Former NYPD Top Cop Peddles Widely Discredited 'Ferguson Effect'

Ray Kelly offers up a theory for which there is very little evidence.

Former NYPD Commissioner Ray Kelly on Wednesday attributed the rising murder rates in some U.S. cities to police supposedly acting in a more cautious manner since an officer fatally shot 18-year-old Michael Brown in Ferguson, Missouri, last year.

“I think you'll see, you know, the rise in murders in 30 cities, that's the so-called Ferguson effect where cops are less reluctant to engage in proactive policing,” said Kelly during an appearance on MSNBC's "Morning Joe." "Certainly that's an issue here in New York."

The idea of a "Ferguson effect" has been the subject of much debate in the past week, following a widely criticized New York Times article that described the theory with what many writers elsewhere felt was an insufficient amount of skepticism.

“The Ferguson effect is that police officers -- and to say Ferguson, it obviously involves other high-profile cases, the disastrous events in North Charleston, South Carolina -- but obviously it means that police officers are thinking twice before they engage,” Kelly said Wednesday. “And with the advent of cameras, which I ultimately support, but cameras are going to make police officers hesitate somewhat. In some people's minds, that's good. In some people's minds, that's bad.”

Kelly, whose book Vigilance: My Life Serving America and Protecting its Empire City was released this week, claimed that because of the heightened scrutiny of police officers in the past several months, cops have become reluctant to “do what has been done in the last 20 years.”

He also defended the NYPD’s controversial stop-and-frisk policy -- a tactic he says is meant to “prevent crime and to arrest people ultimately or stop them from conducting their suspicious activity.”

“If you look at how it's written, it says that if someone is abroad in a public place, a police officer sees suspicious activity and he suspects that crime is about to happen, is happening or has happened, he can intervene,” Kelly said. “So obviously, it's meant to prevent crime and to arrest people ultimately or stop them from conducting their suspicious activity.”

The former commissioner noted that Bill de Blasio was an outspoken opponent of stop and frisk during his mayoral campaign in 2013 -- a year when, according to Kelly, the NYPD had a 70 percent approval rating.
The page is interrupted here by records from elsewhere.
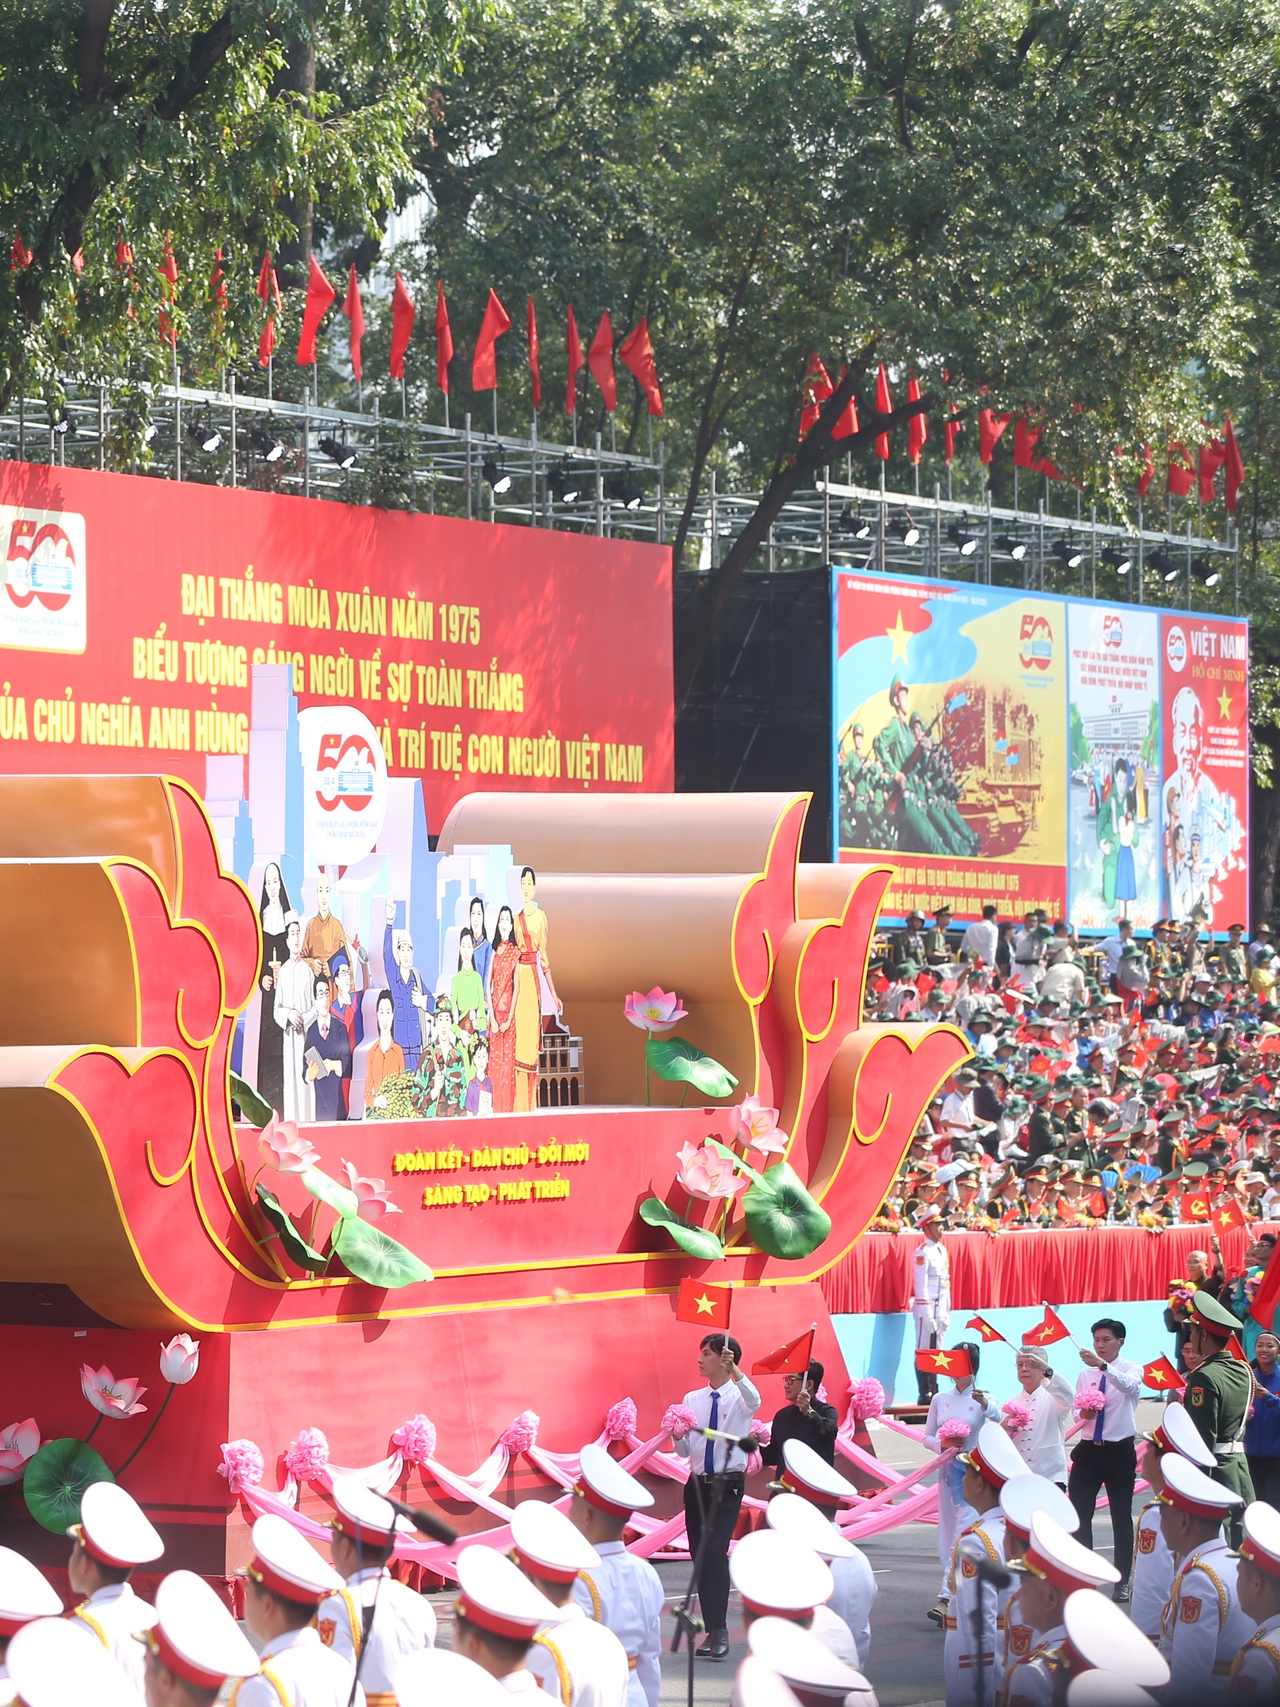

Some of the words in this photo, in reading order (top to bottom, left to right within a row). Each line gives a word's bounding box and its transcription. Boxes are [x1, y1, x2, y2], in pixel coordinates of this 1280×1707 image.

[5, 519, 76, 611] 50
[181, 573, 215, 626] ĐẠI
[219, 565, 283, 624] THẮNG
[288, 579, 331, 630] MÙA
[335, 586, 387, 636] XUÂN
[391, 591, 434, 641] NĂM
[439, 603, 480, 645] 1975
[1190, 625, 1217, 662] VIỆT
[1220, 634, 1246, 660] NAM
[133, 622, 179, 682] BIỂU
[183, 636, 248, 695] TƯỢNG
[309, 647, 355, 699] NGỜI
[359, 648, 382, 701] VỀ
[387, 660, 413, 710] SỰ
[416, 658, 463, 708] TOÀN
[467, 657, 524, 713] THẮNG
[1223, 669, 1244, 682] MINH
[33, 686, 76, 744] CHỦ
[81, 696, 144, 747] NGHĨA
[148, 706, 191, 750] ANH
[195, 702, 249, 755] HÙNG
[398, 722, 426, 769] TRÍ
[430, 724, 463, 780] TUỆ
[467, 733, 504, 775] CON
[509, 730, 561, 778] NGƯỜI
[565, 733, 601, 788] VIỆT
[605, 742, 644, 783] NAM
[315, 734, 376, 812] 50
[394, 1148, 436, 1172] ĐOÀN
[437, 1143, 464, 1170] KẾT
[472, 1145, 502, 1168] DÂN
[503, 1142, 530, 1166] CHỦ
[537, 1137, 562, 1165] ĐỔI
[563, 1138, 590, 1162] MỚI
[423, 1183, 463, 1207] SÁNG
[464, 1184, 490, 1207] TẠO
[498, 1178, 533, 1201] PHÁT
[533, 1172, 570, 1199] TRIỂN
That was also the year U.S. District Court Judge Shira Scheindlin ruled stop and frisk unconstitutional, concluding that it violated civilians' Fourth and 14th Amendment rights.
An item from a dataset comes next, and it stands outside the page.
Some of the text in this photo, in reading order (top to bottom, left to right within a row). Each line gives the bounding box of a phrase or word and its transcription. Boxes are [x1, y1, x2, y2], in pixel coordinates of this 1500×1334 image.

"In practice the policy encourages the targeting of young black and Hispanic men based on their prevalence in local crime complaints," Scheindlin wrote at the time. "This is a form of racial profiling."
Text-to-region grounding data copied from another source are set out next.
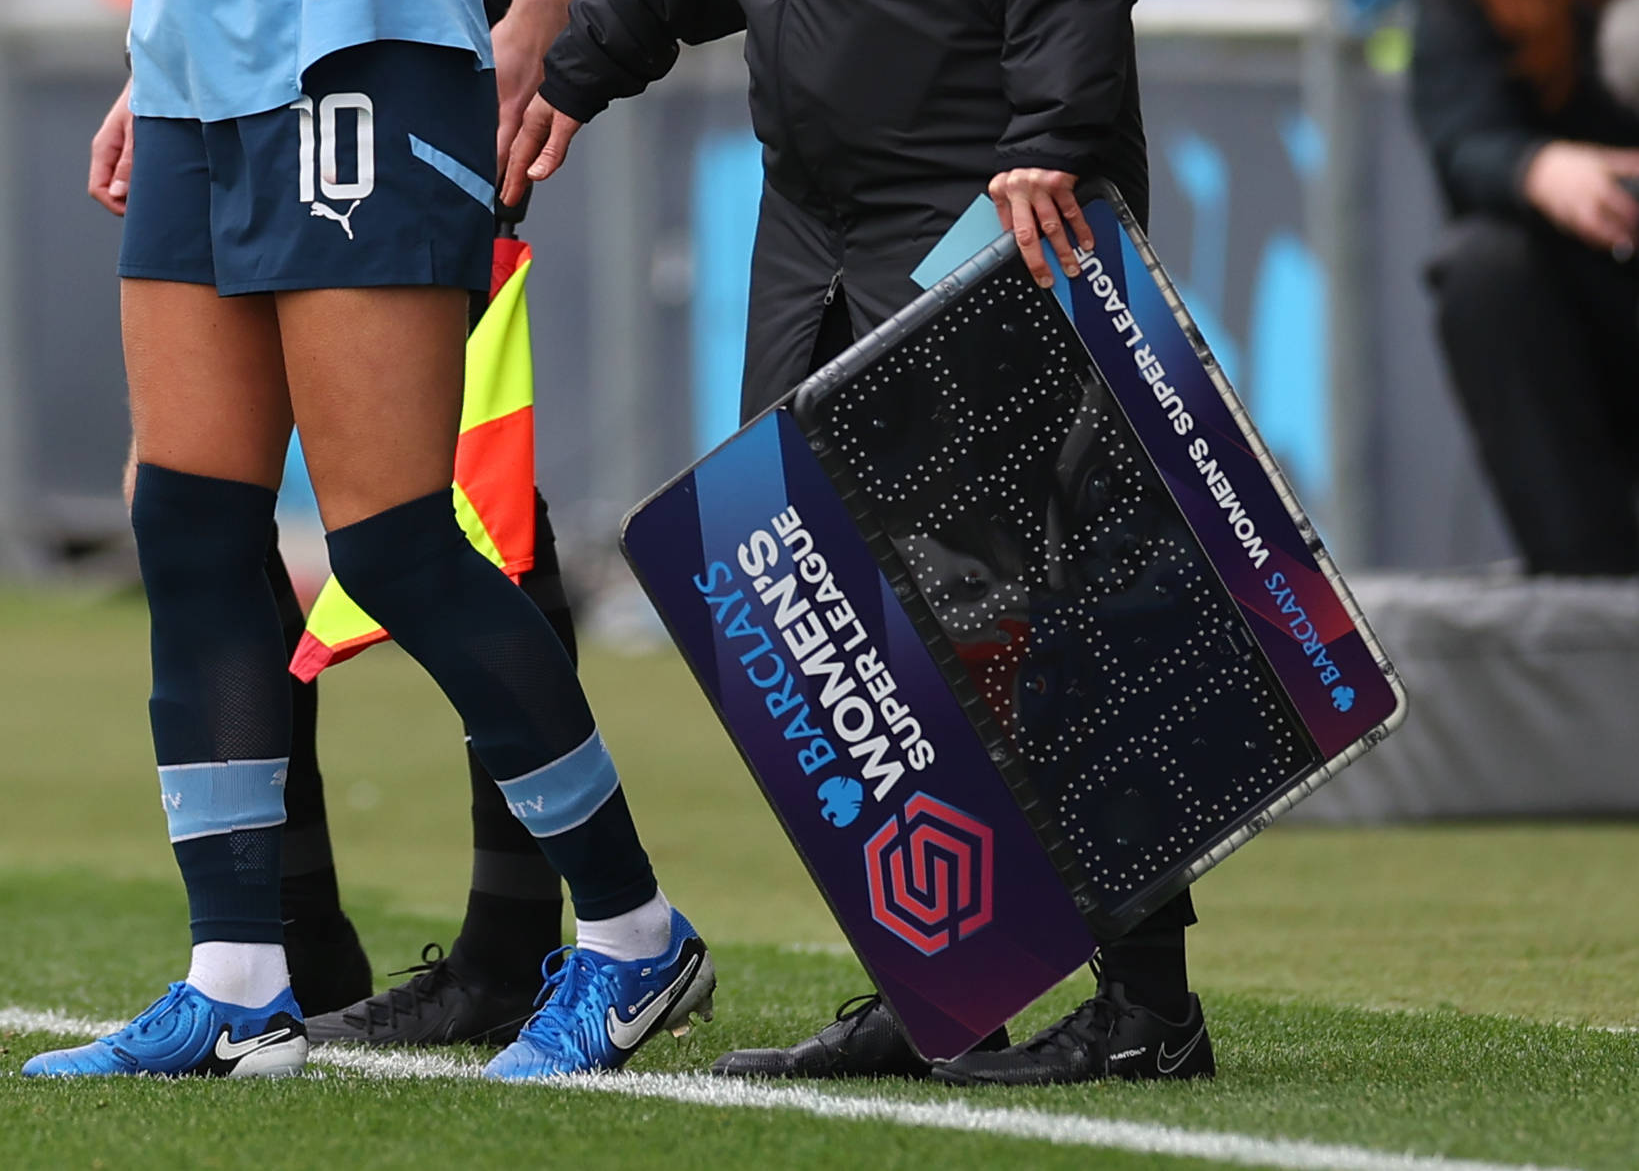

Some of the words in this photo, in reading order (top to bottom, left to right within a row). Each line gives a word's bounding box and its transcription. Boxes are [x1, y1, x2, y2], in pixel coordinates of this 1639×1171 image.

[290, 92, 374, 203] 10
[1134, 344, 1194, 436] SUPER
[1188, 437, 1270, 569] WOMEN'S
[771, 505, 868, 651] LEAGUE
[1265, 572, 1341, 686] BARCLAYS
[693, 560, 838, 776] BARCLAYS
[737, 529, 905, 802] WOMEN'S
[854, 646, 935, 771] SUPER
NYPD Commissioner Bill Bratton admitted in June that his “stop, question and frisk” policy was partly responsible for the rising arrest rates among African-Americans and Latinos.

“Morning Joe” host Mika Brzezinski pointed out on Wednesday that only a tiny percentage of the people who have ever been stopped under the NYPD's policy were actually carrying guns. Co-host Joe Scarborough argued that this is proof of the policy's effectiveness.

“If you know that you're going to be stopped by police officers, you're going to be less likely to carry guns,” he said. “If you're less likely to carry guns, the streets will be safer."

“That's one way of looking at it, or you can look at it as a lot of innocent people are getting shaken down and that it's unconstitutional,” Brzezinski responded. “There's two ways to look at it. That's the controversy.”

Kelly's comments on Wednesday echoed an argument that's become common in the past year -- that when law enforcement officers are afraid to do their jobs, it results in dead cops, not safer streets. But it's not hard to understand the counterargument that it's perhaps not the worst thing in the world if police don't automatically resort to lethal force every single time. As The Huffington Post’s Nick Wing recently pointed out:

It won't be long before an officer somewhere will draw his firearm on a "criminal" who isn't a criminal at all. And in that situation, the officer's choice not to shoot will have drastically different implications. Perhaps, like [homeless man James] Boyd, he will be someone who prosecutors say should still be alive. Or maybe, like Tamir Rice, he will be the 12-year-old boy who doesn't get killed for playing with a toy gun at a park. For all the hand-wringing about hesitation, it's worth remembering that the lack of hesitation has led to its fair share of tragedies, too.